The official-artistic career of Frida Orupabo developed out of the digital world of algorithms: she was working as a social worker for sex workers and victims forced into prostitution when Arthur Jafa came across her Instagram account @nemiepeba three years ago. It is certainly not a convenient aesthetic that operates Orupabo's feed and that ultimately led her to the Venice Biennale in 2019, but rather a relentless confrontation with omnipresent historical and simultaneously contemporary sociological problems: gender, racism, post-colonialism, violence, identity. Since 2013 the Norwegian-Nigerian artist has collected almost archivally authentic visual evidence distributed in popular media, amongst them photographic and film records of colonial violence and images of women. The imaging sources are multi-faceted; they imply the establishment of an eternal flow of norms yet at the same time dismissing them. Orupabo decodes this ambiguity in her artistic work and scrutinises the existing images constructed by art history, science, pop culture and colonialism, not without evoking others at the same time. She integrates the public image into the self-image and addresses herself to her own origin just as much as to the moral and ethical failures of humanity.

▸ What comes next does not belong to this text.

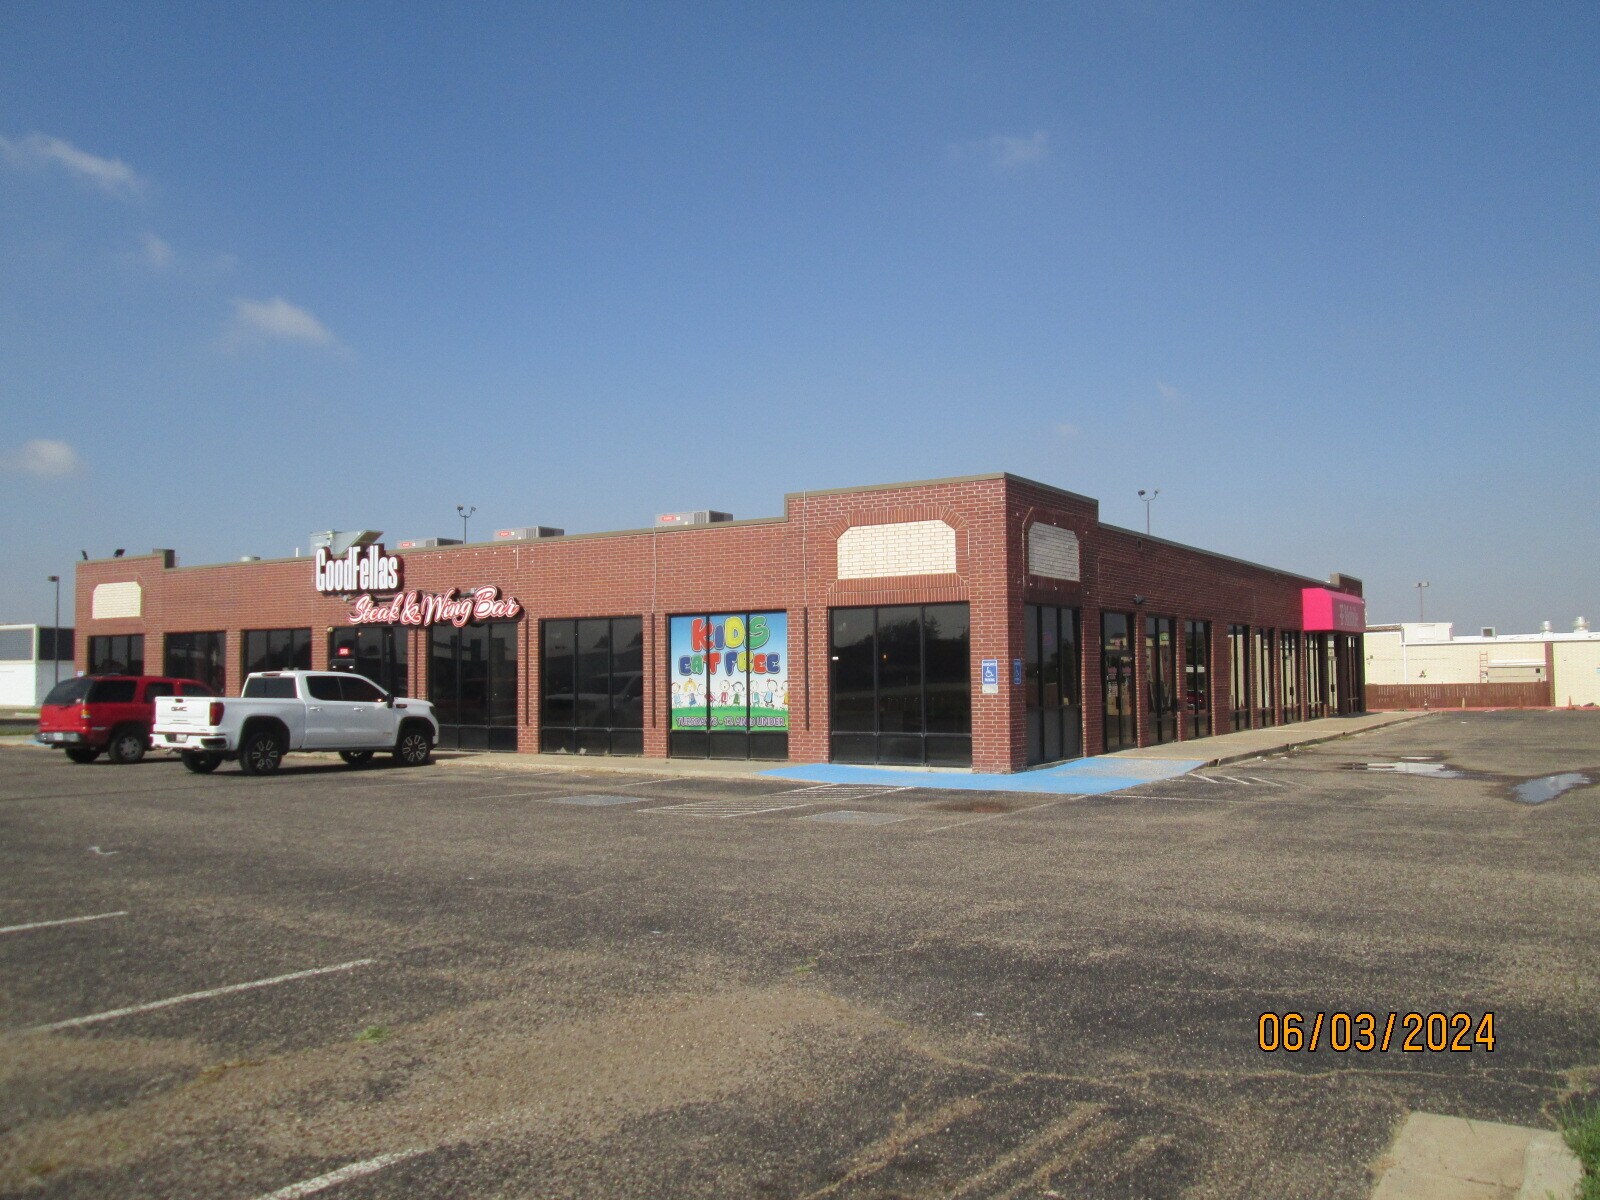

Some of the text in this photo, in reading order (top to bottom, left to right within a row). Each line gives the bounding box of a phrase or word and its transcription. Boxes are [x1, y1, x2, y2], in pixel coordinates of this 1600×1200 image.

[315, 546, 398, 591] GoodFellas
[349, 585, 520, 627] Steak & Wing Bar
[678, 650, 780, 676] EAT FREE
[756, 716, 786, 728] UNDER

We see a hen mounted on the wall of the exhibition space, made movable by means of paper clips, independent of the status of its vitality. It is a symbol for ritual and sustenance, abstracted from the immediate frame of reference of humans, who since time immemorial are accustomed to subjugate life forms without a second thought and to exploit them for their own good. This hierarchic compulsion does not even spare members of their own species. It is mostly such monochrome works that Frida Orupabo offers to us in the exhibition spaces. The complete denial of colour is thereby not based only on the lack of colour of the archival material or on aesthetic expediency, but instead is deliberately deployed in order to filter and manipulate fundamental essences and intensities. In a six-part photo work, the artist directs our sight from seemingly abstract patterns from nature towards the unsparing documentation of an injection, that appears even more concrete in dialogue with the visually and cognitively mild abstractions. In this, we feel ourselves reminded of the fact that mankind has only ostensibly freed itself from nature; it continues to dominate via aspects beyond our control, such as disease. The human coping mechanism for this disempowerment from the outset has always been religion: the mediating question between mankind and nature, "Jesus?", reminds us not least of the enforced conversion to Christianity in large areas of the colonial territories.

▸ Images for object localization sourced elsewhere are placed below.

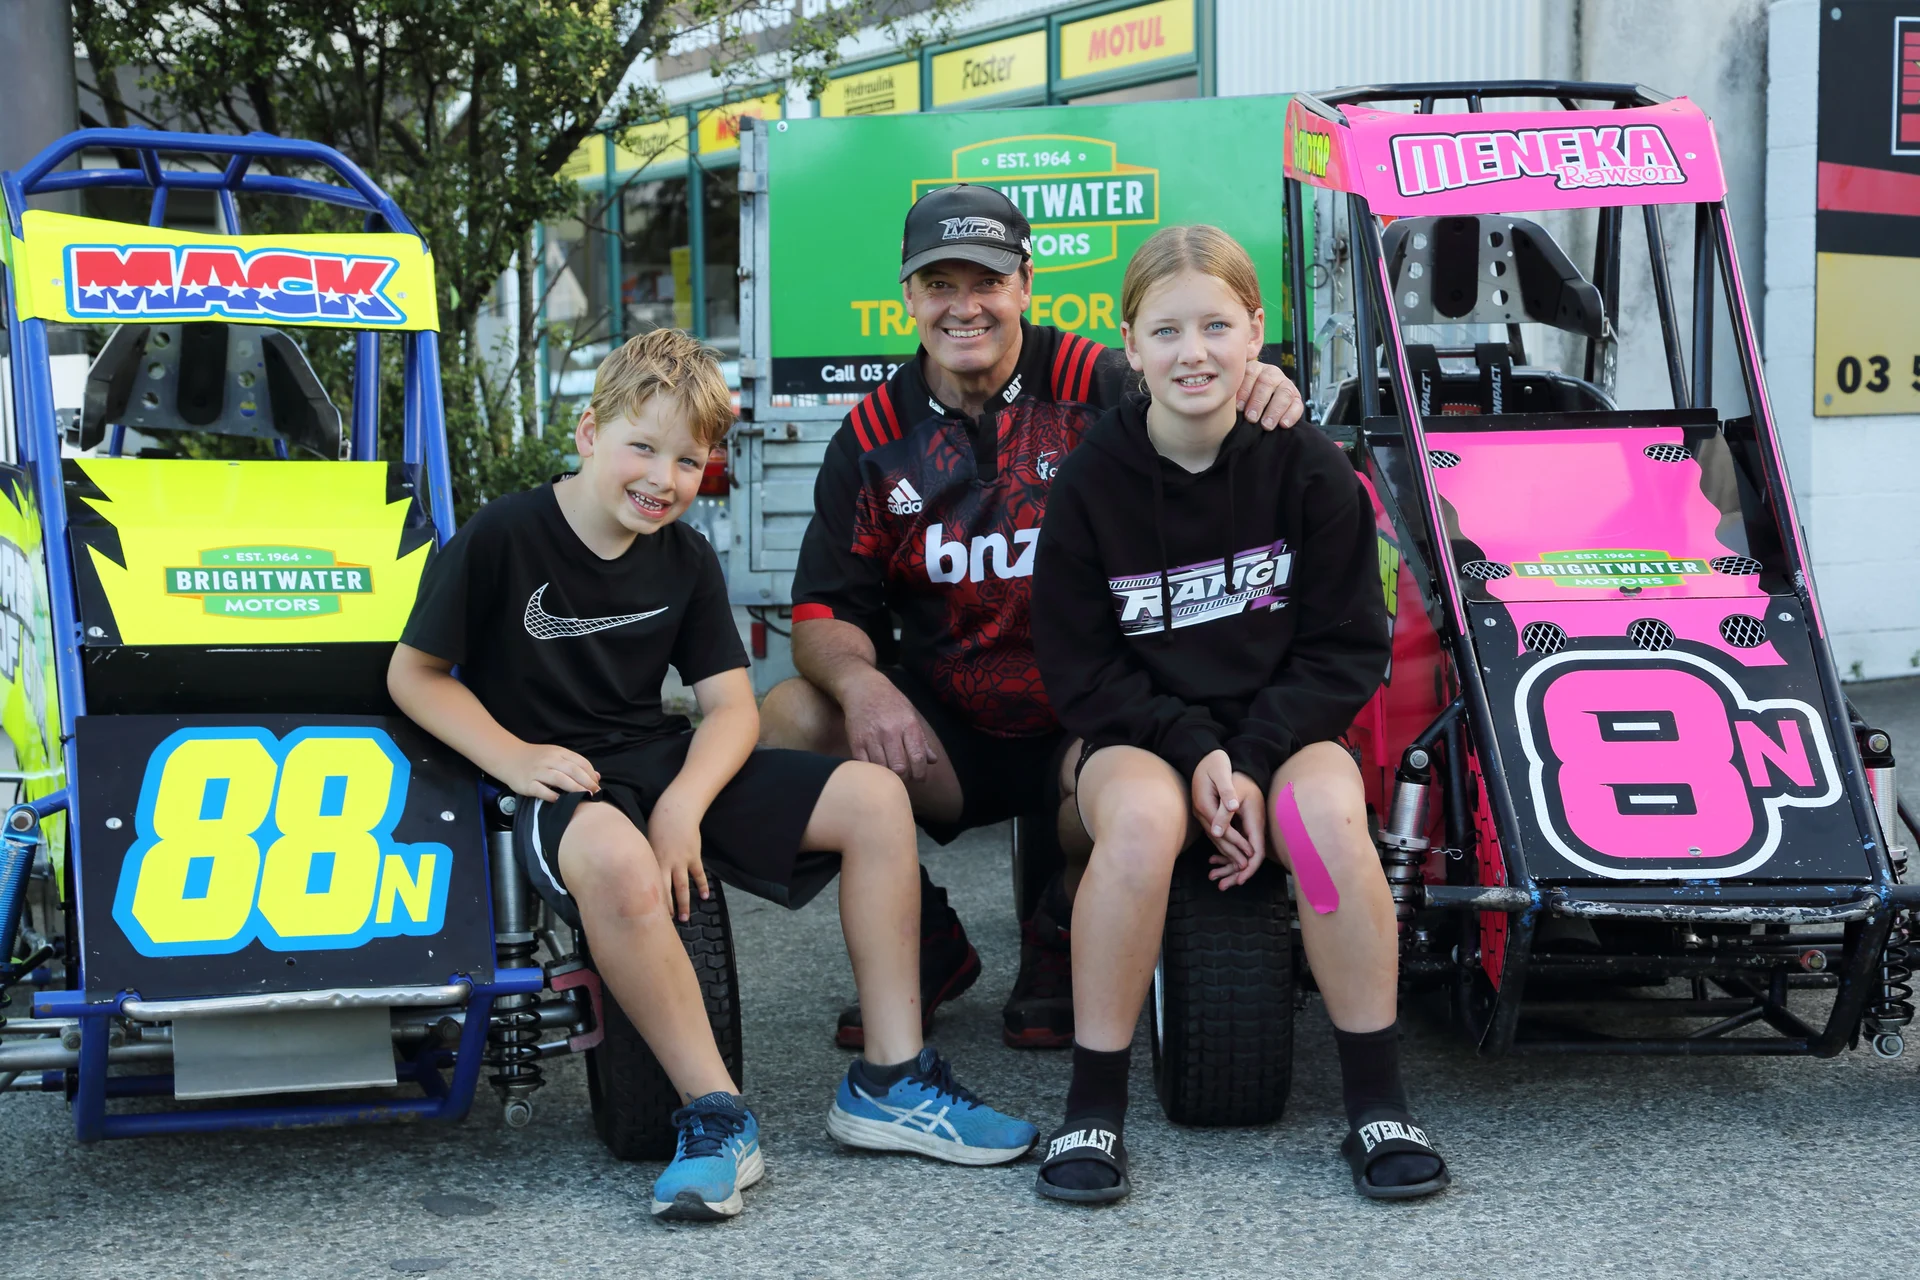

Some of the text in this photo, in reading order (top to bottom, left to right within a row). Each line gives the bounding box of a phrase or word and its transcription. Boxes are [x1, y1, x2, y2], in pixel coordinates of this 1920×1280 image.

[1088, 15, 1165, 62] MOTUL
[962, 53, 1015, 90] Faster
[997, 150, 1071, 169] EST. 1964
[1559, 165, 1682, 186] Rawson
[1001, 181, 1144, 218] TWATER
[71, 248, 399, 320] MACK
[1032, 293, 1117, 330] FOR
[821, 364, 855, 382] Call
[860, 363, 883, 381] 03
[1836, 355, 1891, 393] 03
[887, 500, 923, 515] adida
[236, 552, 300, 562] EST. 1964
[926, 523, 1041, 584] bnz
[1605, 552, 1635, 560] 1964
[1523, 562, 1701, 576] BRIGHTWATER
[175, 569, 363, 591] BRIGHTWATER
[1575, 577, 1665, 586] MOTORS
[224, 597, 321, 613] MOTORS
[1044, 1128, 1117, 1163] EVERLAST
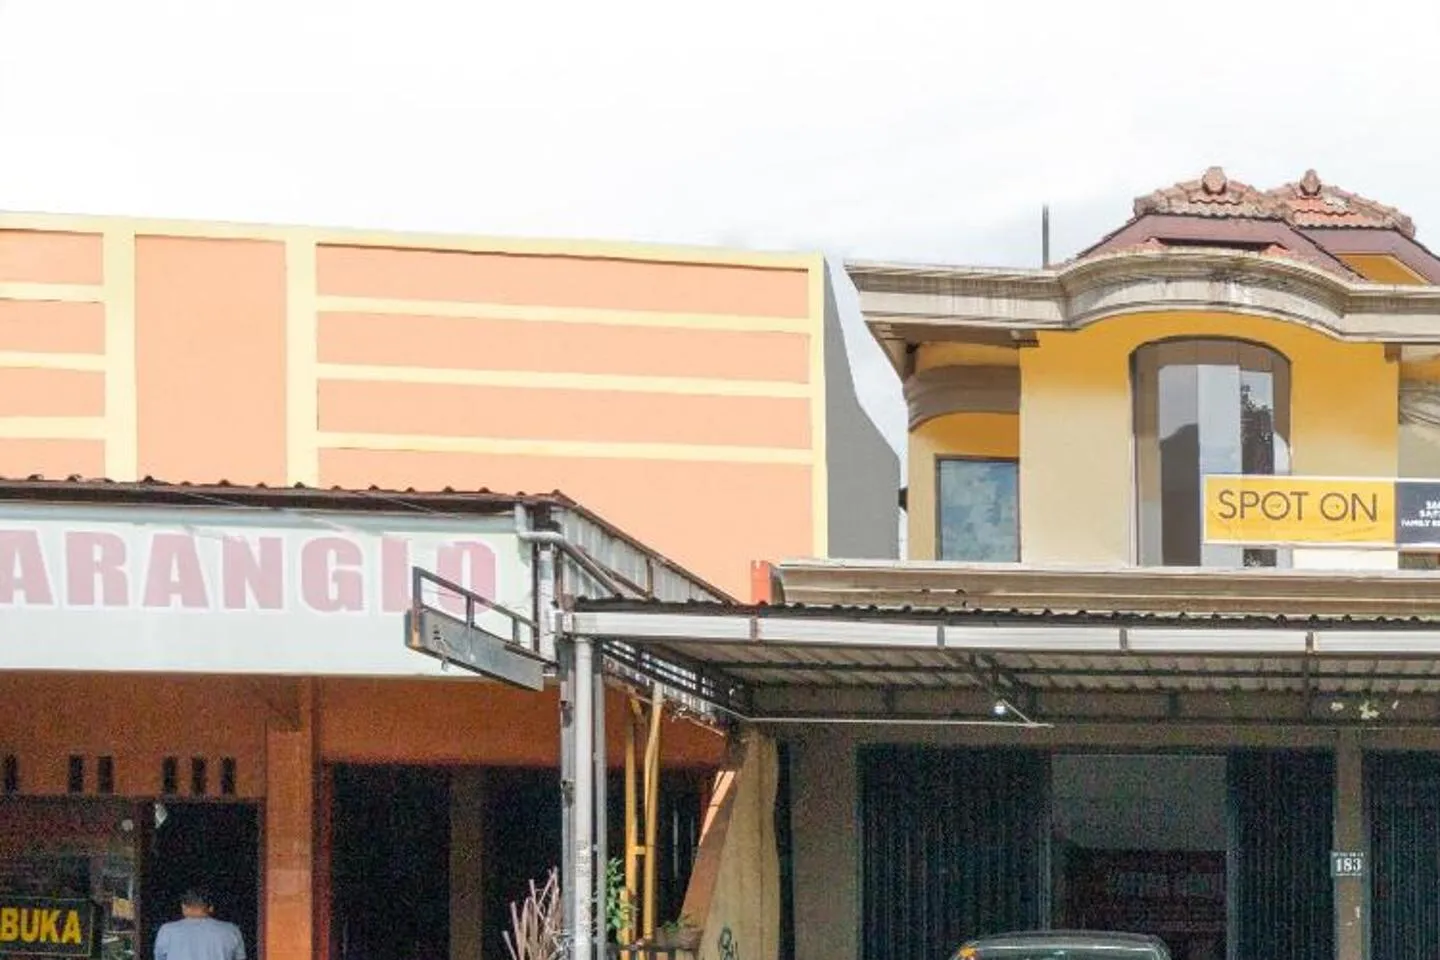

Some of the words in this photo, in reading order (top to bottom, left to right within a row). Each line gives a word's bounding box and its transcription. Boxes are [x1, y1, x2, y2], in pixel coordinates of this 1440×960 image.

[1218, 489, 1309, 521] SPOT
[1320, 492, 1377, 522] ON
[1336, 857, 1362, 873] 183
[1, 906, 82, 944] BUKA

In addition to black/white, there are also impact-suffused colours such as an intensive red an uncompromising, active colour that additionally activates the subjects of the works as well as the performativity inherent in them. The colour accompanies us through the entire space and leads us to a large-scale photograph of a man, revised into a negative. His hat in his hand, he smiles at us in a friendly fashion and one cannot avoid wondering what his story might be. Even without an answer one feels connected to him, and experiences the search, frequently revisited by Orupabo, for the relationship between foreign identity and one's own identity. The fact that this relationship in many cases is not at all comfortable is demonstrated by a video work installed on the floor: due to the placement, the viewer is forced to look down on the groups represented there. This metaphorical staging of perspective taxes our con-science; as in involuntary agent, one becomes a protagonist of an unavoidable situation of discrimination.

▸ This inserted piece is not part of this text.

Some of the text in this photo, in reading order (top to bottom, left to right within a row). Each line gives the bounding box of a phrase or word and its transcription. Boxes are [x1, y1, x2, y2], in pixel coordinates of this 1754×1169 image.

In her works, Orupabo introduces almost untold yet ubiquitous narratives that unite the various dimensions of time and reality with one another. This multidimensionality is based not only on the appropriated visual material; instead, Orupabo's works far rather constitute their own proper time that relates to consensual perception. They compel one to look, and return it generally unequivocally; they inscribe themselves irreversibly on our memory and grasp at the collective (un)known. They trigger individually electrifying, emotional chains of association, independent of the personal socio-cultural background; the sum of these chains ultimately coalesces in the works into an unending reception platform that is not dissimilar to the internet. Frida Orupabo's work is timeless, constantly changing, reflecting not only the ephemeral exhibition spaces but also more permanent ways of thinking.